- _Record excerpts_:
----------------
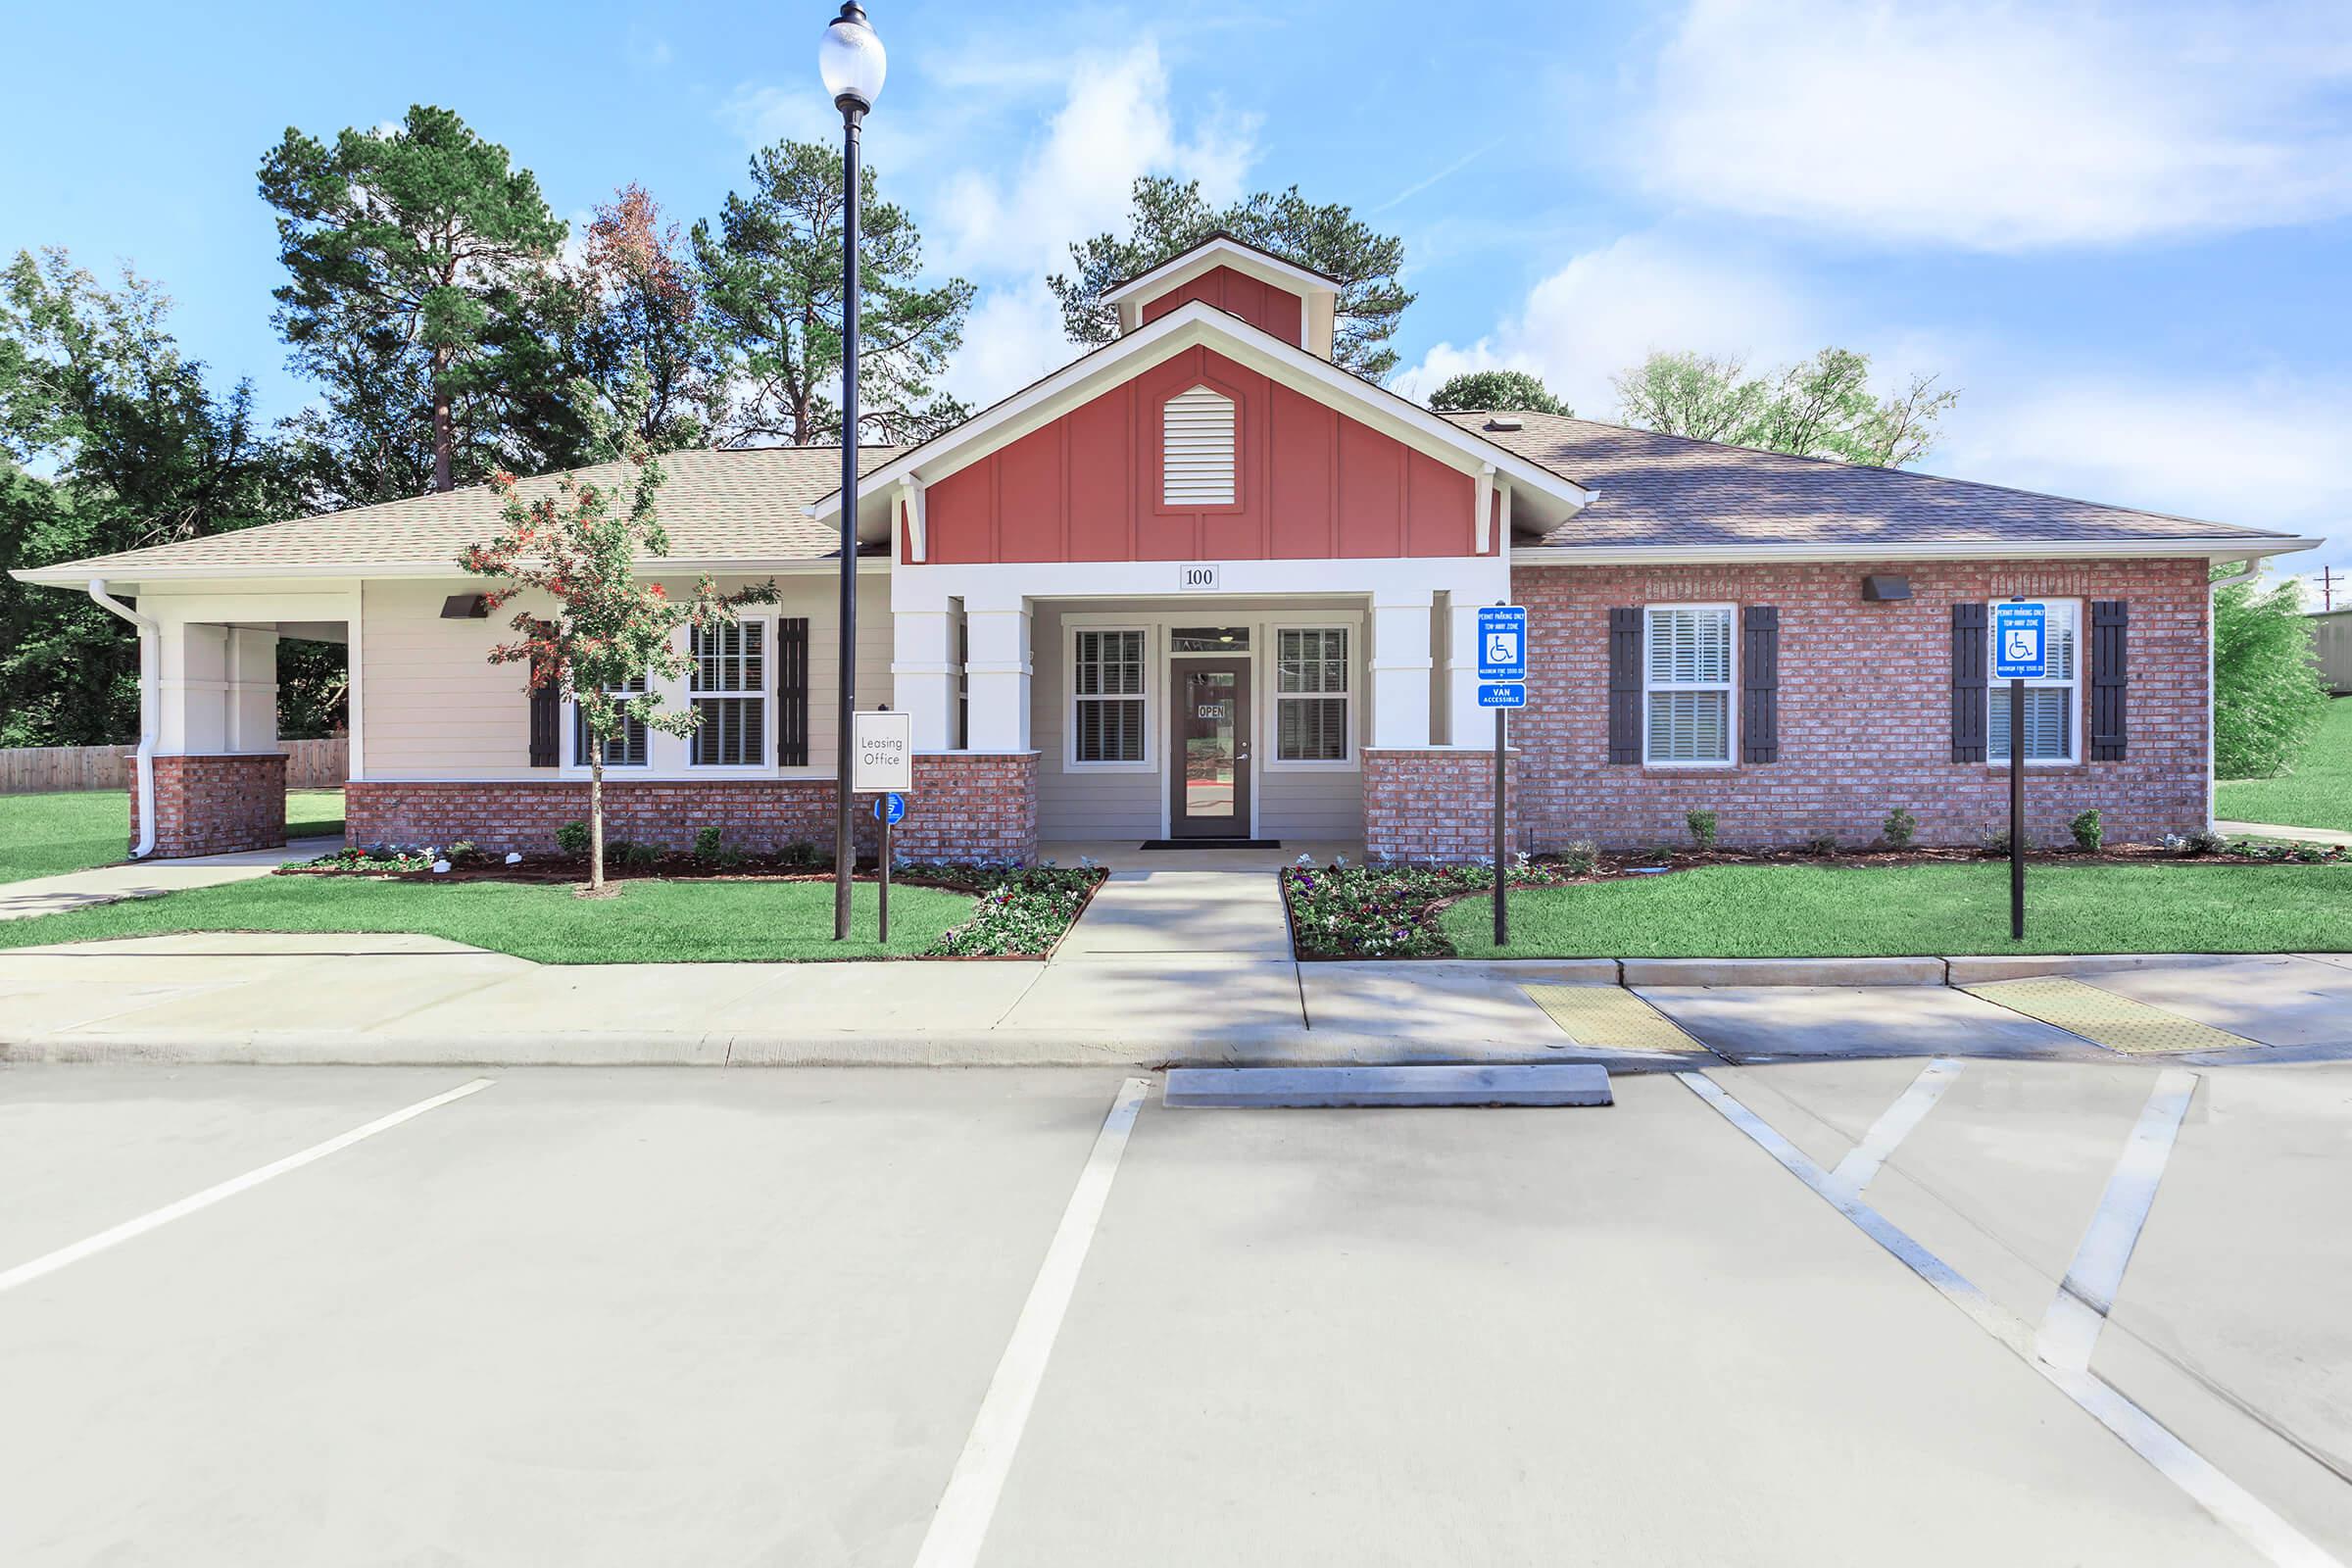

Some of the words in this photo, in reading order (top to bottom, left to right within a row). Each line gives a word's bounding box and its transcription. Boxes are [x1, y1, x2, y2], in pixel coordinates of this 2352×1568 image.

[1187, 569, 1212, 585] 100
[1200, 706, 1223, 716] OPEN
[861, 736, 903, 751] Leasing
[863, 752, 900, 765] Office
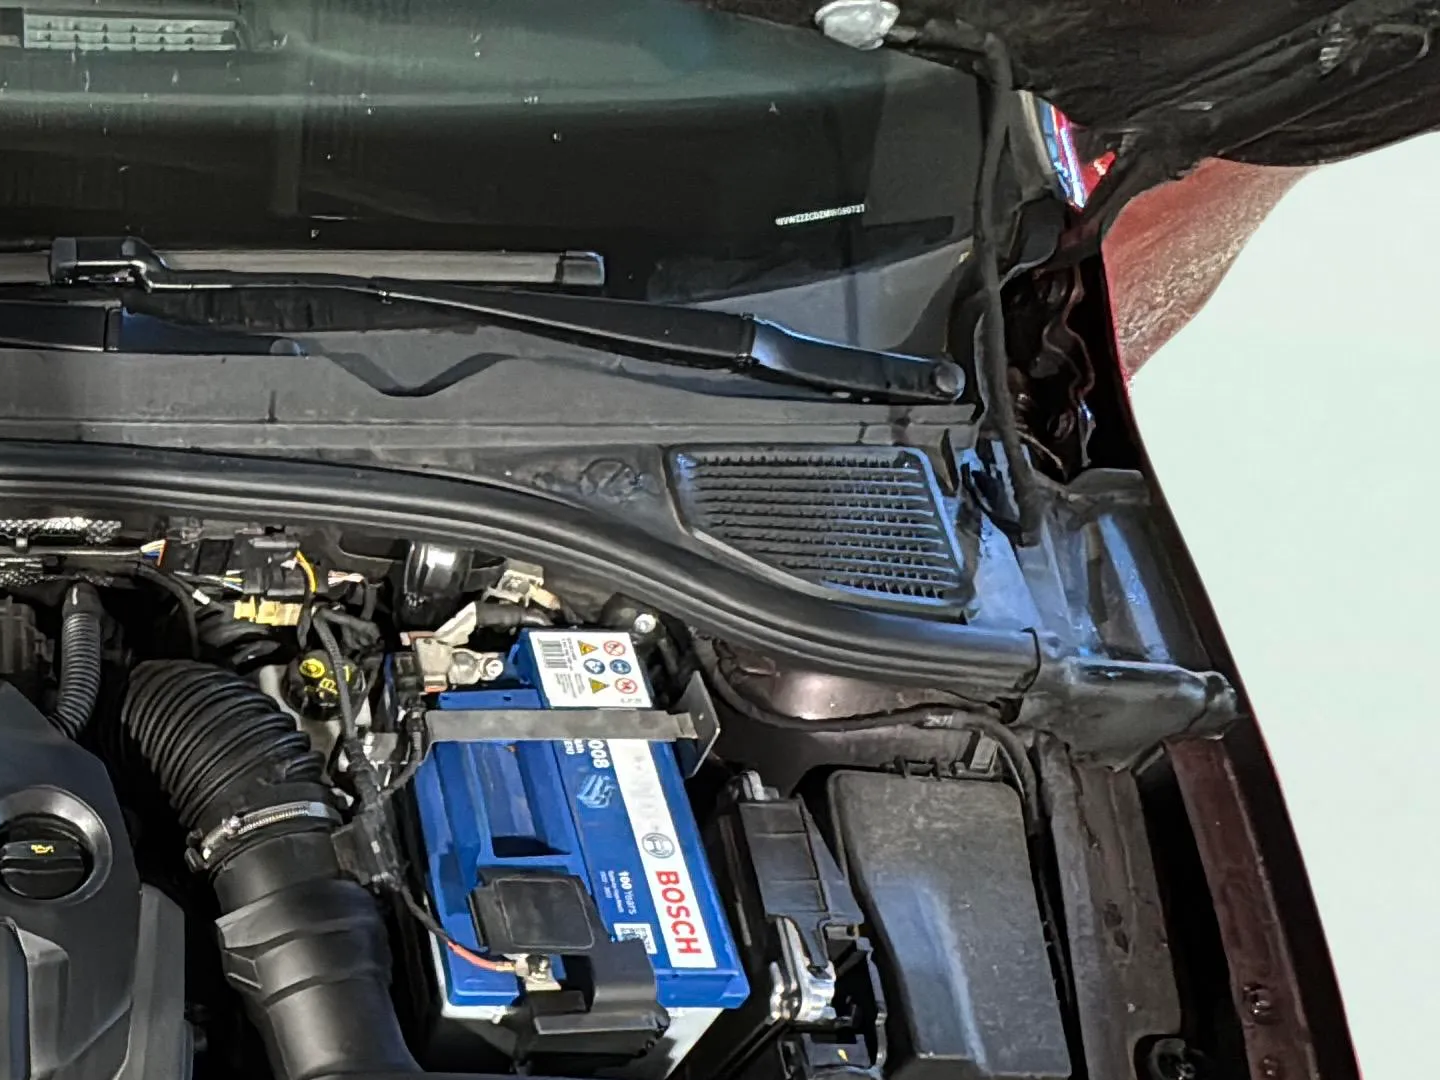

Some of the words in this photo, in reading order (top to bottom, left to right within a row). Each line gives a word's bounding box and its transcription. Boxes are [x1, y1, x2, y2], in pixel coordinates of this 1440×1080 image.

[618, 871, 632, 890] 100
[624, 890, 637, 915] Years
[656, 871, 702, 953] BOSCH
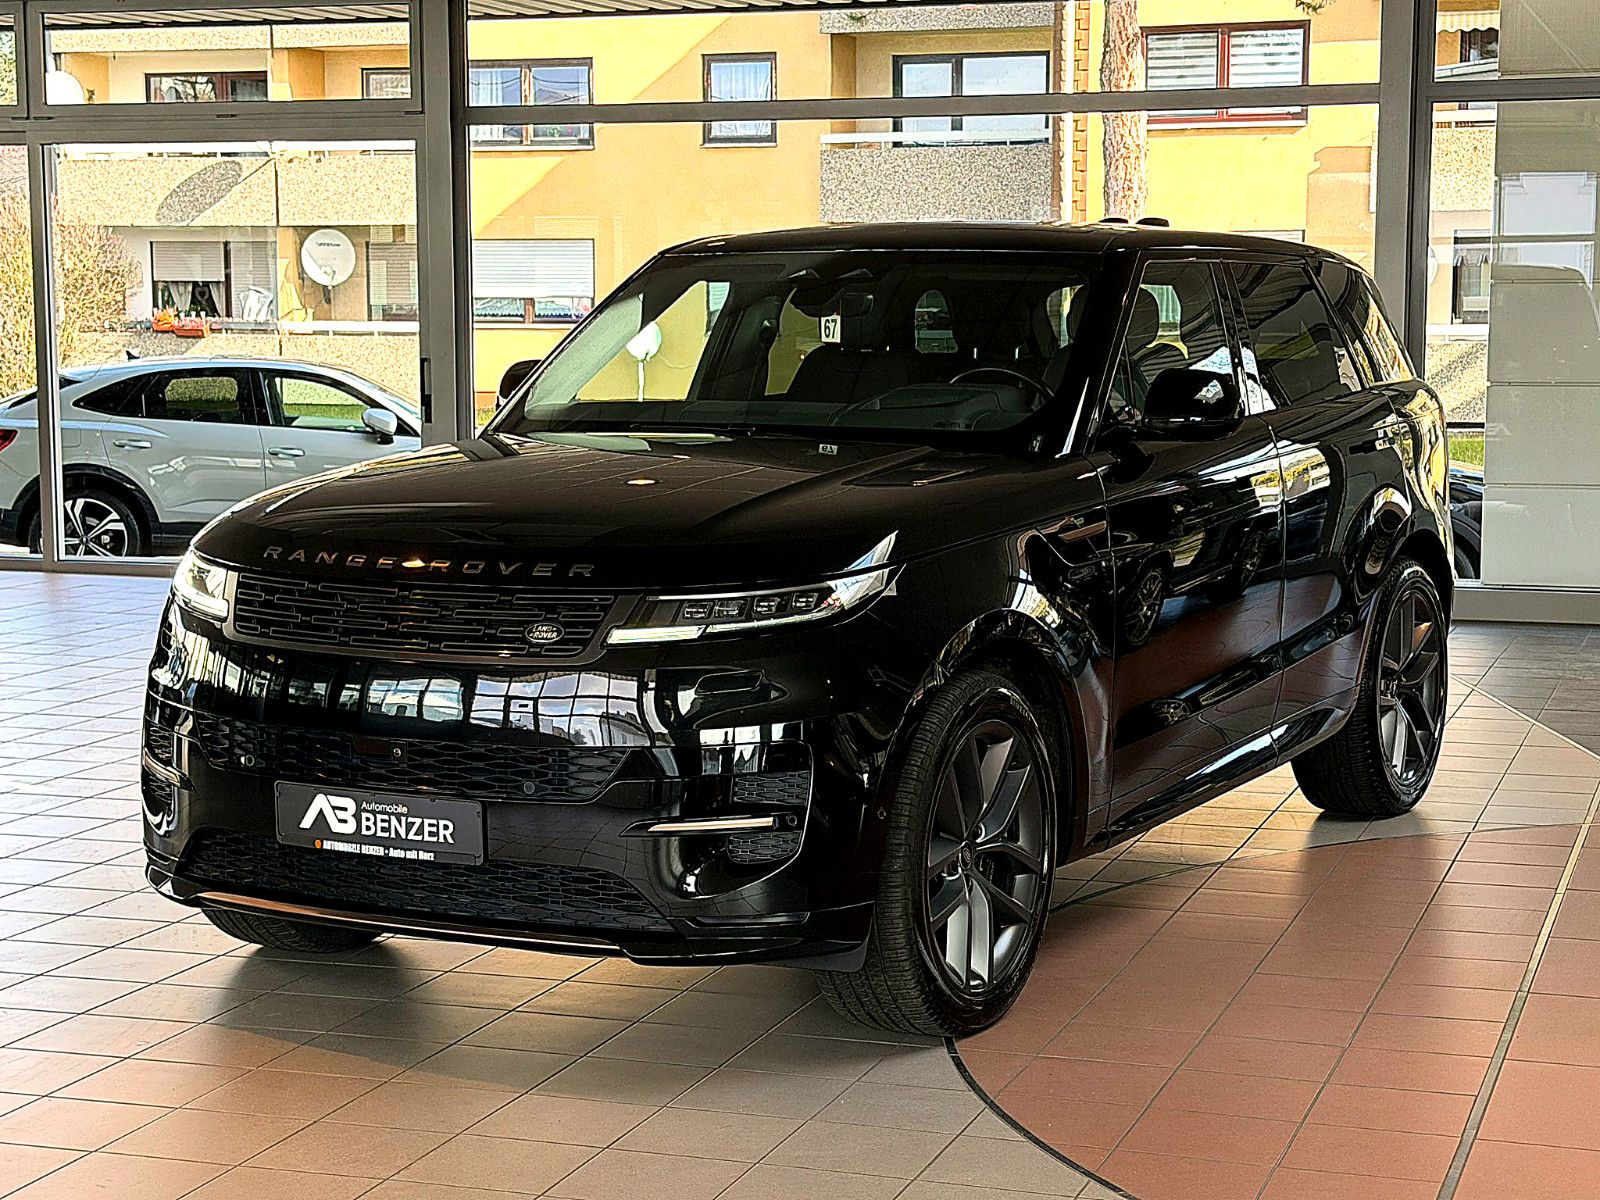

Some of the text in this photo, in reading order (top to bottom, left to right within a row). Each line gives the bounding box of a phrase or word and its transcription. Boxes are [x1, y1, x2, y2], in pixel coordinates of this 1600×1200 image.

[823, 318, 838, 339] 67
[263, 546, 595, 577] RANGE ROVER
[299, 793, 357, 835] AB
[361, 801, 408, 814] Automobile
[361, 812, 455, 844] BENZER
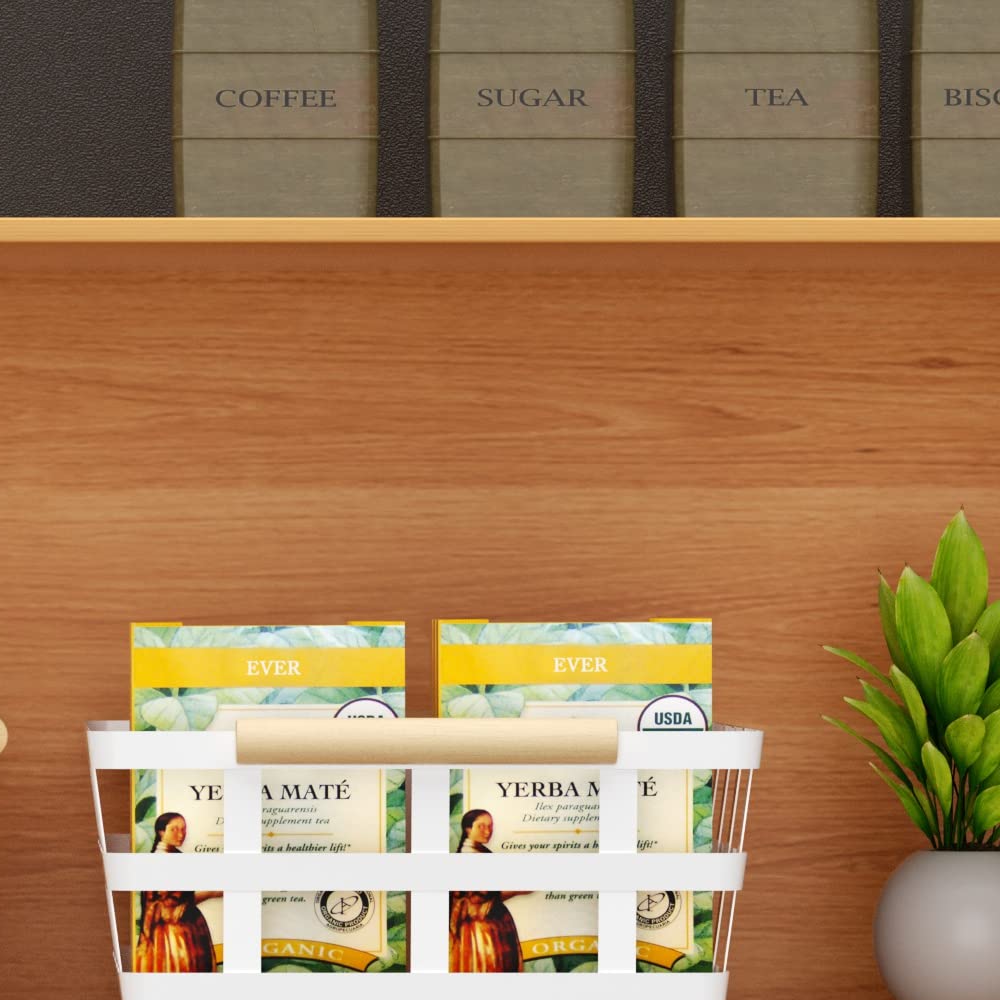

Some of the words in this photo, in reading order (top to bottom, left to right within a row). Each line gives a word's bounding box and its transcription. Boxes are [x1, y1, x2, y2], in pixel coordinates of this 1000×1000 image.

[214, 87, 338, 108] COFFEE
[477, 87, 590, 107] SUGAR
[744, 87, 810, 107] TEA
[246, 660, 302, 677] EVER
[553, 656, 609, 673] EVER
[654, 711, 693, 726] USDA
[190, 784, 274, 801] YEA
[281, 779, 352, 801] MATÉ
[496, 781, 580, 798] YERBA
[262, 805, 318, 817] raguarensis
[535, 802, 553, 811] Ilex
[556, 803, 600, 813] paragua
[261, 815, 312, 828] upplement
[315, 817, 331, 826] tea
[522, 813, 561, 824] Dietary
[563, 813, 600, 824] supplem
[285, 843, 328, 852] healthier
[501, 841, 527, 850] Gives
[529, 842, 551, 853] your
[552, 840, 581, 853] spirits
[261, 896, 287, 905] green
[545, 891, 567, 900] than
[568, 893, 594, 902] green
[262, 940, 345, 961] GANIC
[531, 938, 651, 958] ORGAC
----------------
- _Task statement_: Output each of the lines above exactly, apart from the images.

- _Solved exercise_:
Some of the words in this photo, in reading order (top to bottom, left to right within a row). Each line gives a word's bounding box and its transcription. Boxes are [x1, y1, x2, y2], in pixel coordinates of this 2352×1568 image.

[1187, 569, 1212, 585] 100
[1200, 706, 1223, 716] OPEN
[861, 736, 903, 751] Leasing
[863, 752, 900, 765] Office

Some of the words in this photo, in reading order (top to bottom, left to right within a row). Each line gives a word's bounding box and its transcription. Boxes are [x1, y1, x2, y2], in pixel coordinates of this 1440×1080 image.

[618, 871, 632, 890] 100
[624, 890, 637, 915] Years
[656, 871, 702, 953] BOSCH

Some of the text in this photo, in reading order (top to bottom, left to right within a row). Each line gives the bounding box of a phrase or word and its transcription. Boxes are [x1, y1, x2, y2], in pixel coordinates of this 1600×1200 image.

[823, 318, 838, 339] 67
[263, 546, 595, 577] RANGE ROVER
[299, 793, 357, 835] AB
[361, 801, 408, 814] Automobile
[361, 812, 455, 844] BENZER

Some of the words in this photo, in reading order (top to bottom, left to right within a row). Each line gives a word's bounding box and its transcription. Boxes are [x1, y1, x2, y2], in pixel coordinates of this 1000×1000 image.

[214, 87, 338, 108] COFFEE
[477, 87, 590, 107] SUGAR
[744, 87, 810, 107] TEA
[246, 660, 302, 677] EVER
[553, 656, 609, 673] EVER
[654, 711, 693, 726] USDA
[190, 784, 274, 801] YEA
[281, 779, 352, 801] MATÉ
[496, 781, 580, 798] YERBA
[262, 805, 318, 817] raguarensis
[535, 802, 553, 811] Ilex
[556, 803, 600, 813] paragua
[261, 815, 312, 828] upplement
[315, 817, 331, 826] tea
[522, 813, 561, 824] Dietary
[563, 813, 600, 824] supplem
[285, 843, 328, 852] healthier
[501, 841, 527, 850] Gives
[529, 842, 551, 853] your
[552, 840, 581, 853] spirits
[261, 896, 287, 905] green
[545, 891, 567, 900] than
[568, 893, 594, 902] green
[262, 940, 345, 961] GANIC
[531, 938, 651, 958] ORGAC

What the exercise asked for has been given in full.